Postby robertk » Wed Oct 02, 2013 8:32 am

Questioner: What is the difference between the practice that is natural and

the practice that is unnatural?



Sujin: At this moment you are sitting in a natural way and you may be aware

of realities which appear, such as softness or hardness, presenting themselves

through the bodysense, or visible object appearing through the eyesense. All

these dhammas appear naturally. However, someone’s practice is unnatural if

he believes, while he develops satipatthana, that he should sit cross-legged, in

the lotus position, and that he should concentrate on specific realities. There is

desire when a person selects realities that have not arisen yet as objects of

awareness. He neglects to be aware of realities that appear already, such as

seeing, hearing, visible object, sound, odour, flavour, cold, heat, softness or

hardness. Even if there is only a slight amount of wrong understanding, it

conditions clinging and this hides the truth. In that case panna cannot arise and

know the dhammas appearing at that moment.
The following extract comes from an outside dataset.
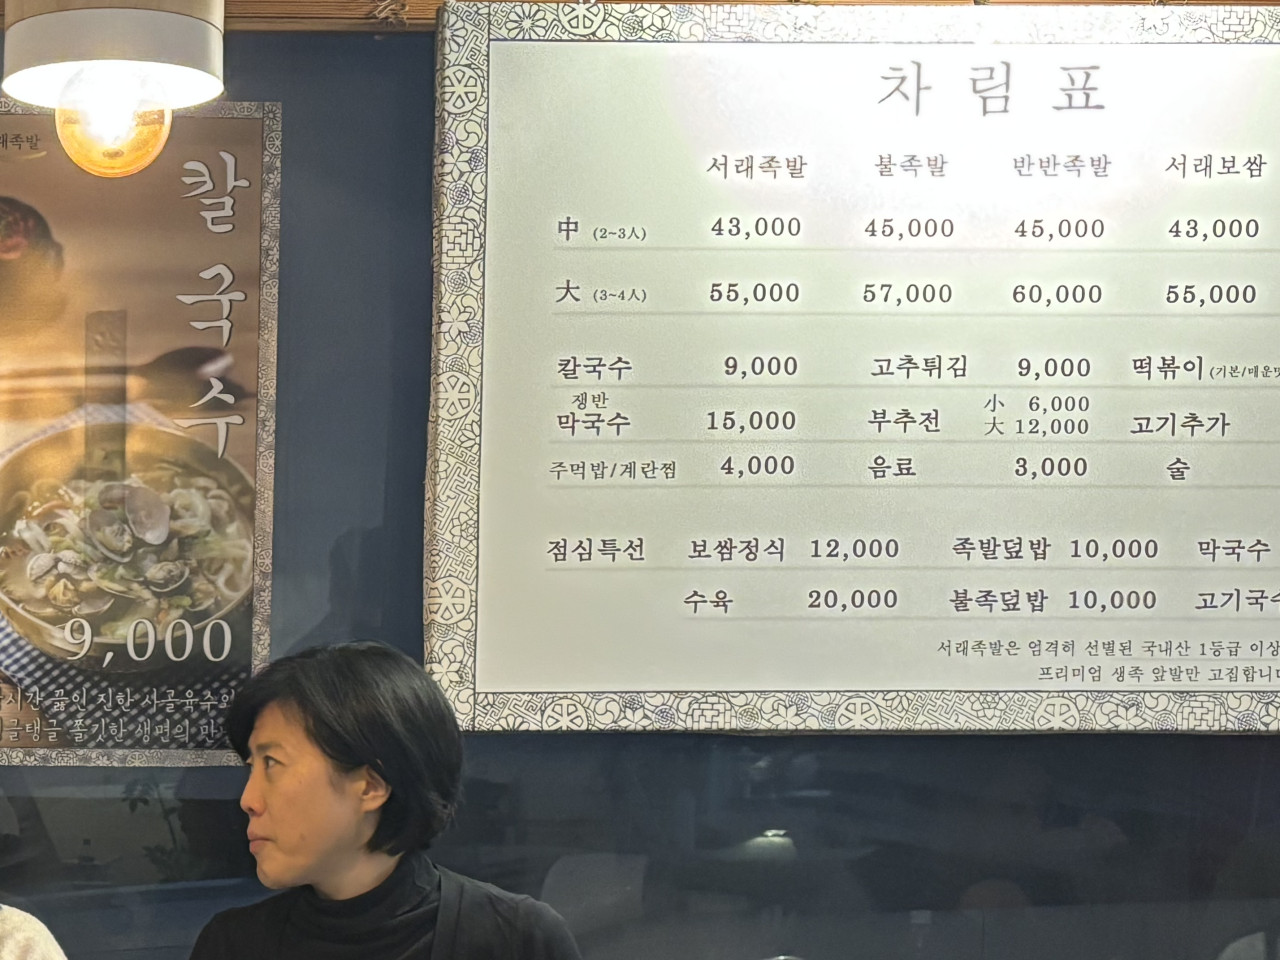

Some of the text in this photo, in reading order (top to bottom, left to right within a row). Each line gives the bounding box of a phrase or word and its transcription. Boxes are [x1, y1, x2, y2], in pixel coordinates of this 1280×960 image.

People who develop satipatthana should know precisely the difference between

the moment of forgetfulness, when there is no sati, and the moment when

there is sati. Otherwise satipatthana cannot be developed. If one is usually

forgetful one is bound to be forgetful again. Someone may wish to select an

object in order to concentrate on it, but this is not the way to develop

satipatthana. We should have right understanding of the moment when there is

forgetfulness, no sati, that is, when we do not know the characteristics of

realities appearing in daily life, such as seeing or hearing. When there is sati, one

can consider, study and understand the dhammas appearing through the six

doors. When someone selects a particular object in order to focus on it, he will

not know that sati is non-self. When there is sati it can be aware of realities that

naturally appear. When odour appears there can be awareness of odour that

presents itself through the nose. It can be known as only a type of reality

that arises, which appears and then disappears. Or the nama which experiences

odour can be understood as only a type of reality that presents itself. After it

has experienced odour, it falls away. It is not a being, a person or self.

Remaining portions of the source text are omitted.